Avec pour ambition d’étendre son maillage territorial et de renforcer sa présence dans certaines régions, Best Western poursuivra son développement cette année avec 16 nouveaux hôtels attendus au premier trimestre. Dans ce cadre, le réseau vient récemment d’ajouter un hôtel haut de gamme au Mans, le Leprince Hotel Spa, un BW Premier Collection établi dans un ancien couvent du XVIIIe siècle, et un Sure Hotel à Saint-Amand-les-Eaux. Cette volonté de croissance passera aussi par le développement des marques de WorldHotels, chaîne volontaire acquise par Best Western en 2019 et connue pour ses hôtels haut de gamme à dominante affaires.

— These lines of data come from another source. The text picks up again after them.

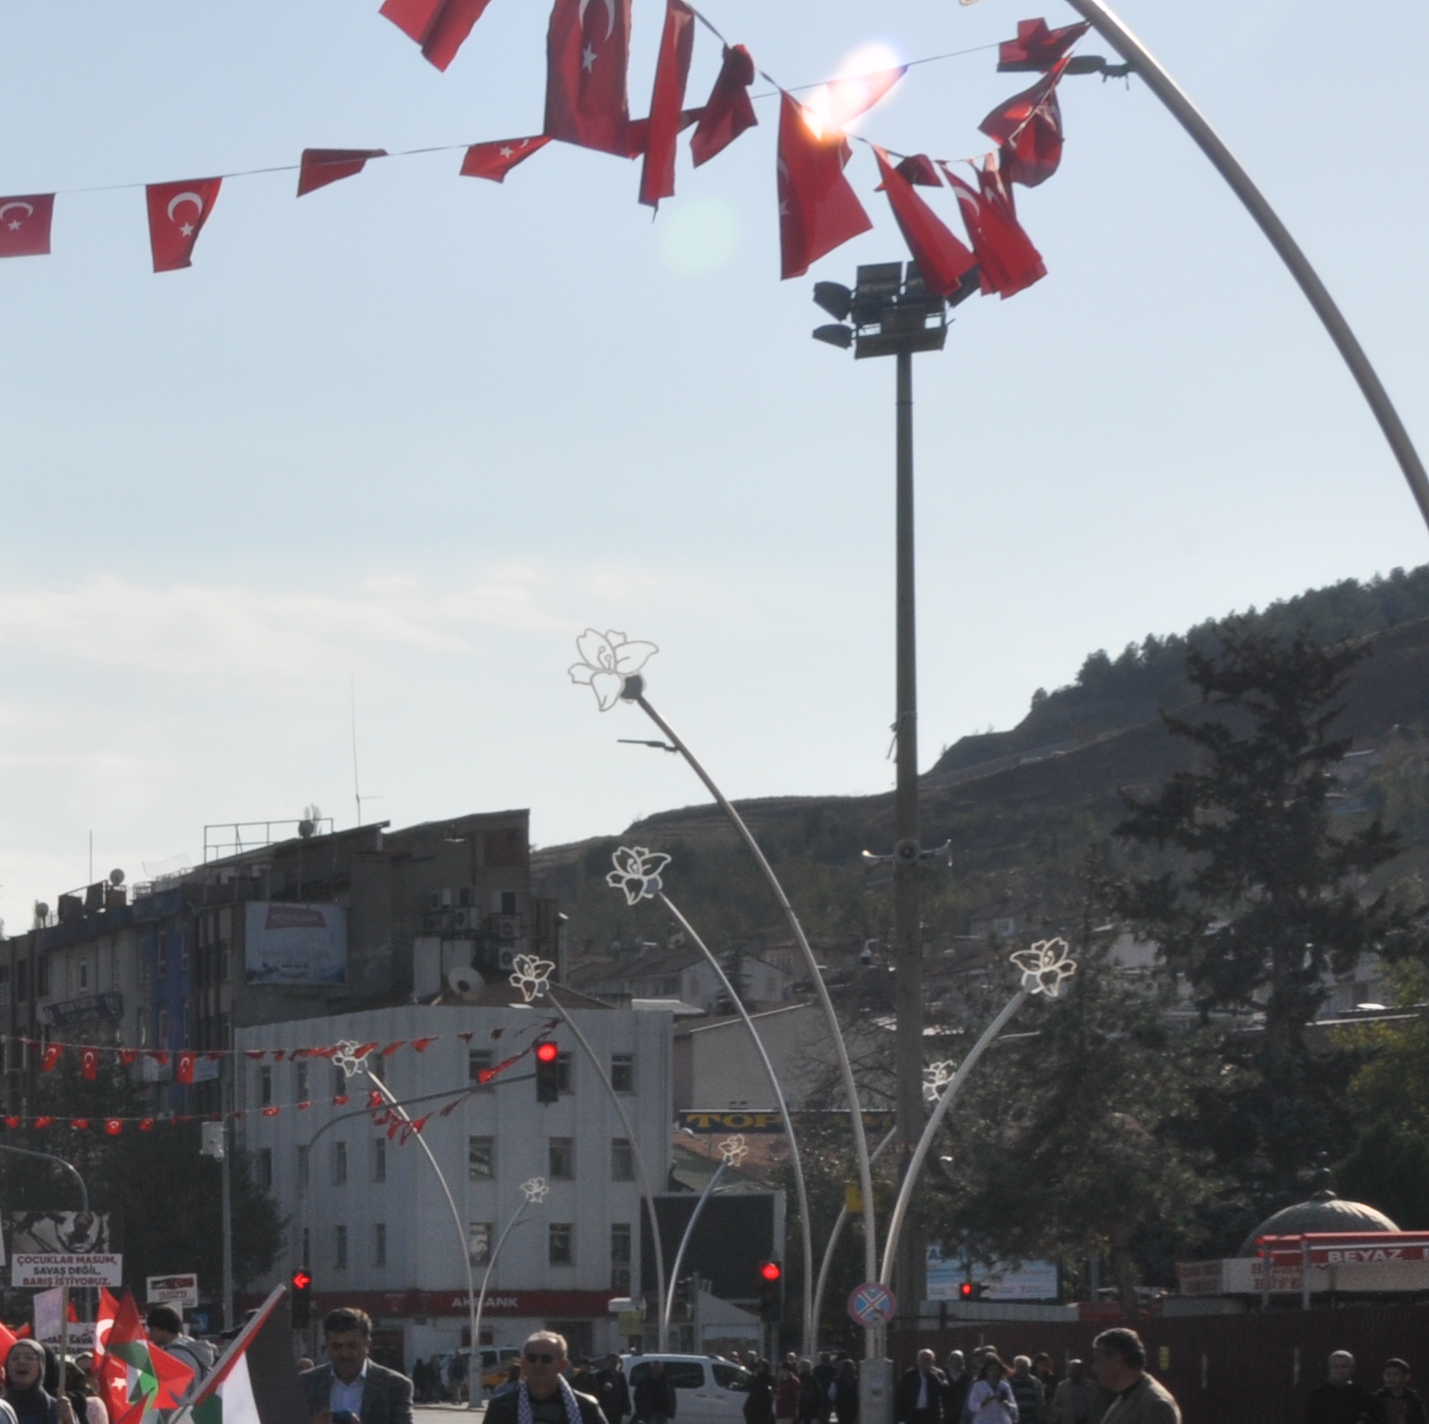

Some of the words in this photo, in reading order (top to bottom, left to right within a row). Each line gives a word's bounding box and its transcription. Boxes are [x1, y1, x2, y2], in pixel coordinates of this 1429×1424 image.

[17, 1255, 73, 1267] ÇOCUKLAR
[1328, 1249, 1403, 1262] BEYAZ
[33, 1266, 66, 1276] SAVAŞ
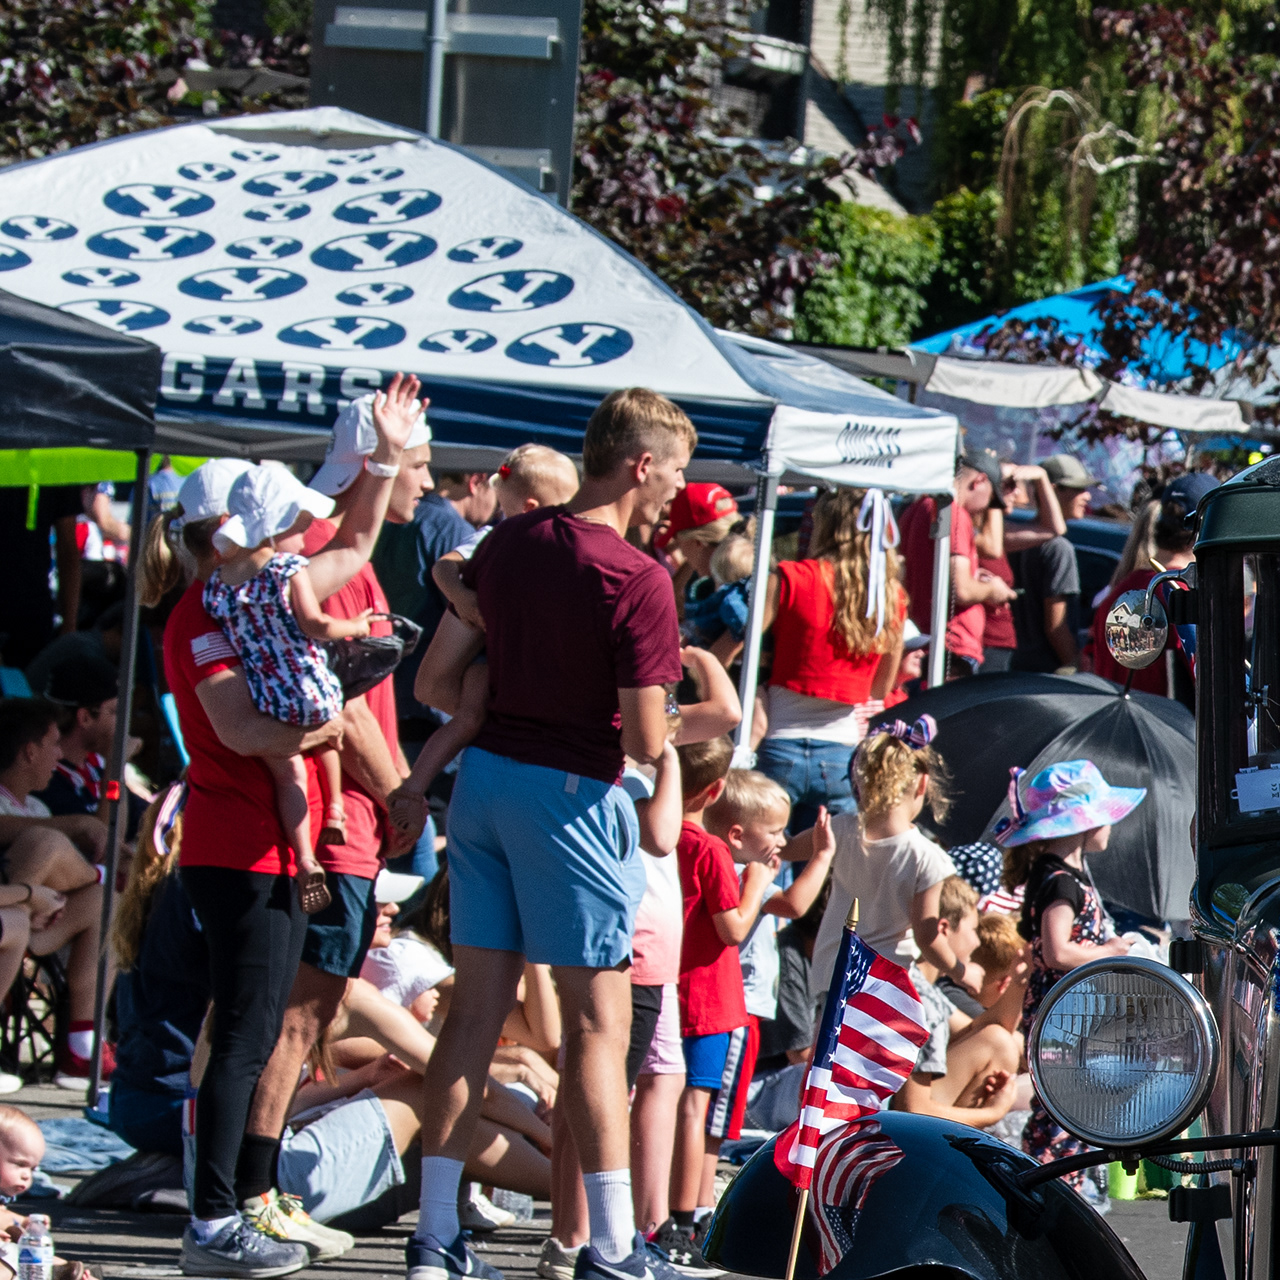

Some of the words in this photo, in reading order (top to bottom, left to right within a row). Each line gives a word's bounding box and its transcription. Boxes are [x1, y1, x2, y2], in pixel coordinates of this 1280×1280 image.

[253, 170, 328, 197] Y
[117, 184, 203, 219] Y
[345, 189, 429, 224] Y
[8, 215, 71, 241] Y
[102, 226, 200, 261] Y
[234, 236, 295, 261] Y
[326, 231, 422, 271] Y
[456, 237, 515, 263] Y
[71, 267, 132, 288] Y
[194, 268, 291, 301] Y
[461, 270, 559, 312] Y
[345, 282, 405, 306] Y
[194, 315, 252, 336] Y
[293, 316, 390, 350] Y
[427, 329, 488, 354] Y
[520, 324, 617, 367] Y

A destination des voyageurs d’affaires, Best Western va également poursuivre l’expansion de son offre de coworking myWO lancée dans une quinzaine d’hôtels à la fin de l’été 2020. Cette marque de coworking devrait ainsi atteindre près de 70 adresses d’ici fin 2021.

En parallèle, l’évolution de Best Western en France passe aussi par un axe digital – avec une solution de messagerie instantanée intégrée depuis peu à la version mobile du site avant qu’elle ne soit déployée sur Google Home – et un axe développement durable. Alors que 19 hôtels sont aujourd’hui labellisés Clef Verte et 8 autres sont titulaires de l’Ecolabel, Best Western entend accompagner la transition environnementale de son réseau pour porter ce nombre à au moins 50 hôtels labélisés Clef Verte ou Ecolabel.